Сенину кажется, что Беляев немножко недолюбливает его. И трудно сказать, когда и с чего все началось. Помнит только легкую стычку, происшедшую больше года назад. Беляев тогда сказал: «Почему у тебя такой грязный станок?», а Николай, будучи в дурном настроении (в то утро дождь лил как из ведра, автобусы почему-то не ходили, и он вымок до нитки), ответил грубовато: «Уж не грязнее, чем у других». Действительно, не грязнее. Но Беляев просто так по цеху не пройдет, непременно кому-нибудь на что-нибудь да укажет. А просто так… не может. Николай смолчал бы, да голос у начальника цеха был слишком уж холодный, надменный: «Я тебе делаю за-ме-ча-ние!» Отошел и поглядел еще издали. Лампочка висела за спиной Беляева, на его глубоких глазницах лежала тень, и Николай лишь чувствовал на себе пристальный стальной взгляд. Ведь, кажется, простой мужичонка: родился где-то тут, в деревне, был слесарем и бригадиром, в начальники выскочил только года два назад, после того, как заочно окончил техникум, и на тебе… И позднее нет-нет да и сделает Сенину какое-нибудь замечание: «Ты слышишь?» Николай хмурится: «Слышу». И, если не согласен с Беляевым, напряженно и торопливо возражает, чувствуя при этом какое-то странное удовлетворение.

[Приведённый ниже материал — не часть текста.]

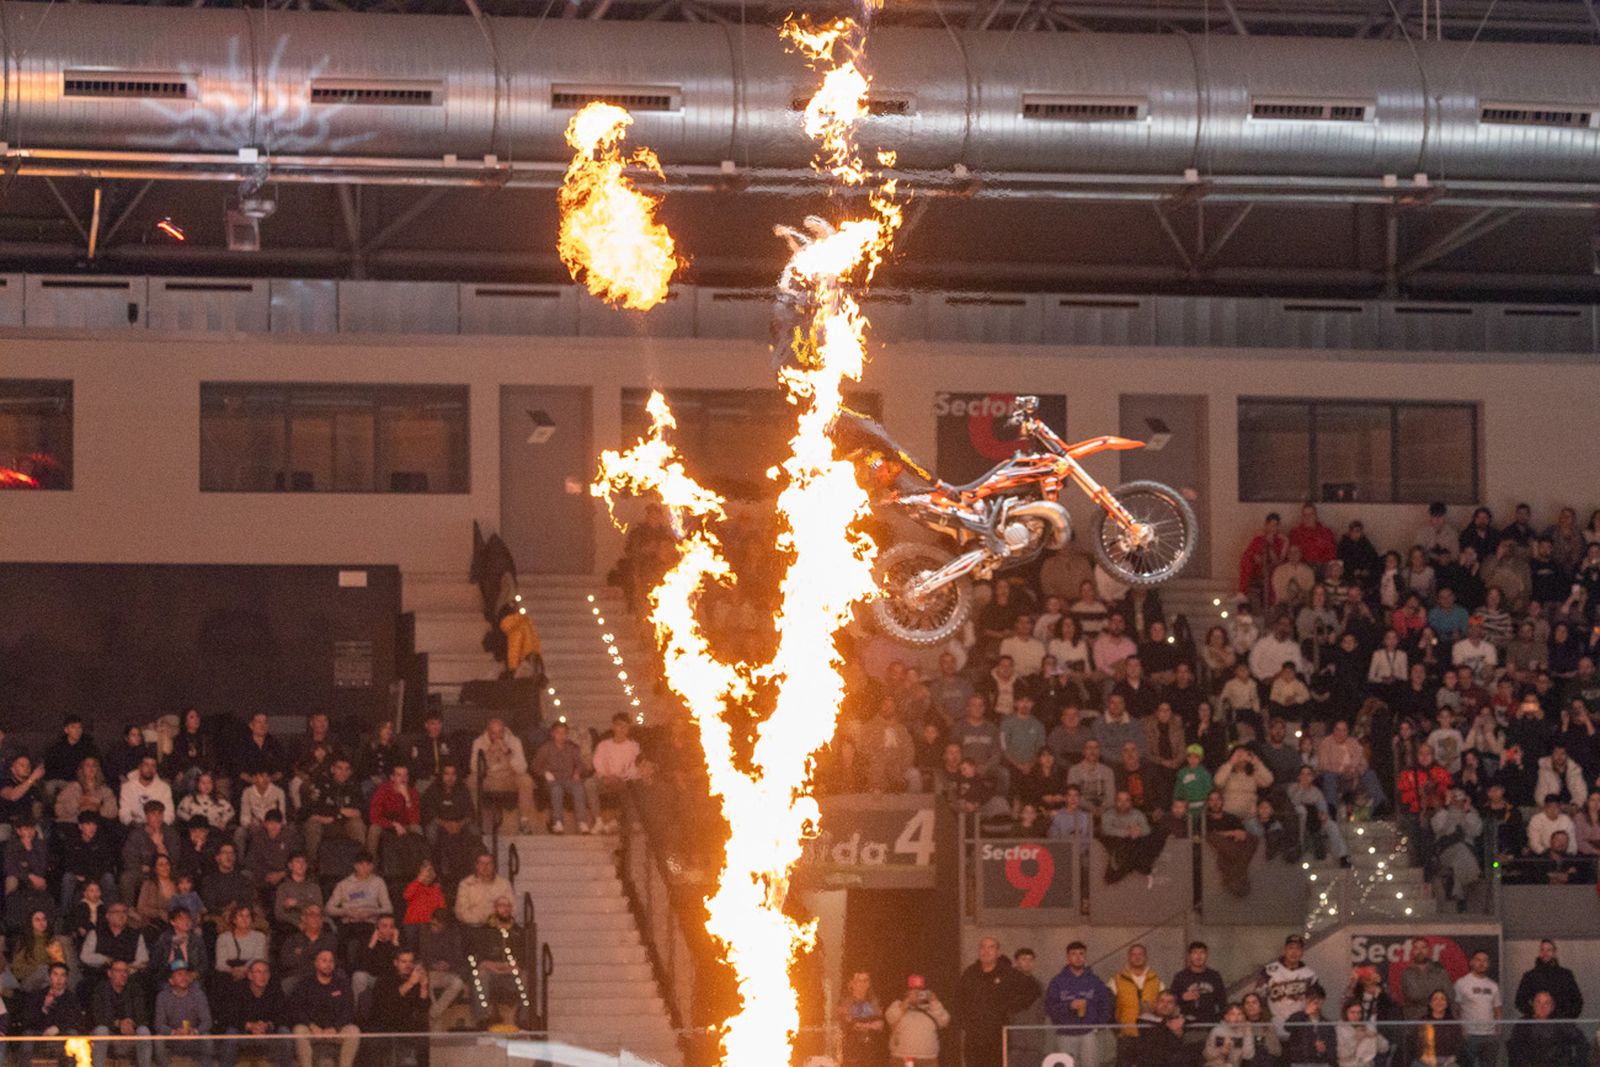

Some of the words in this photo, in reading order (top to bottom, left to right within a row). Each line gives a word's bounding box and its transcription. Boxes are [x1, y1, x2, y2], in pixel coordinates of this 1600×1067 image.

Нынче они всем цехом дважды ездили в деревню, помогали колхозникам копать картошку, и Николай работал, не жалея себя, пуще всех упластался. Думал, похвалит. Нет! Выступая на собрании, Беляев похвалил других, а Сенина будто и не было на картошке. Или вот еще случай. Шел с женой Надей по базару, навстречу — Беляев, гладенький такой, чинный, остановился и давай внушать: «Что у тебя вид как у хулигана? Поправь! Да и галстук тоже…» А какое ему дело до всего этого? Каждому рабочему «тыкает». А попробуй-ка скажи «ты» ему самому. Хо-хо!.. Пробовал кое-кто. Беляев злился: «Как ты ведешь себя?! Почему не хочешь прислушиваться к критическим замечаниям?..» И пошло, и поехало.
Не зная Беляева, обмишулиться можешь: старается вроде бы мужик; в своем деле, как говорится, собаку съел; точный (часы по нему проверяй), в шляпе, в галстучке, не крикнет, даже голоса не повысит. Не повысит-то не повысит, а себе на уме…
Сенин не раз подумывал, не перейти ли на другую работу, но уже привык тут, смолоду на одной и той же фабрике, в одном и том же цехе.
Он никогда не выступал на собраниях, ему казалось, что он может выпалить что-то не то, повести себя как-то не так и будет смешон, нелеп. Но в этот раз решил все-таки выступить.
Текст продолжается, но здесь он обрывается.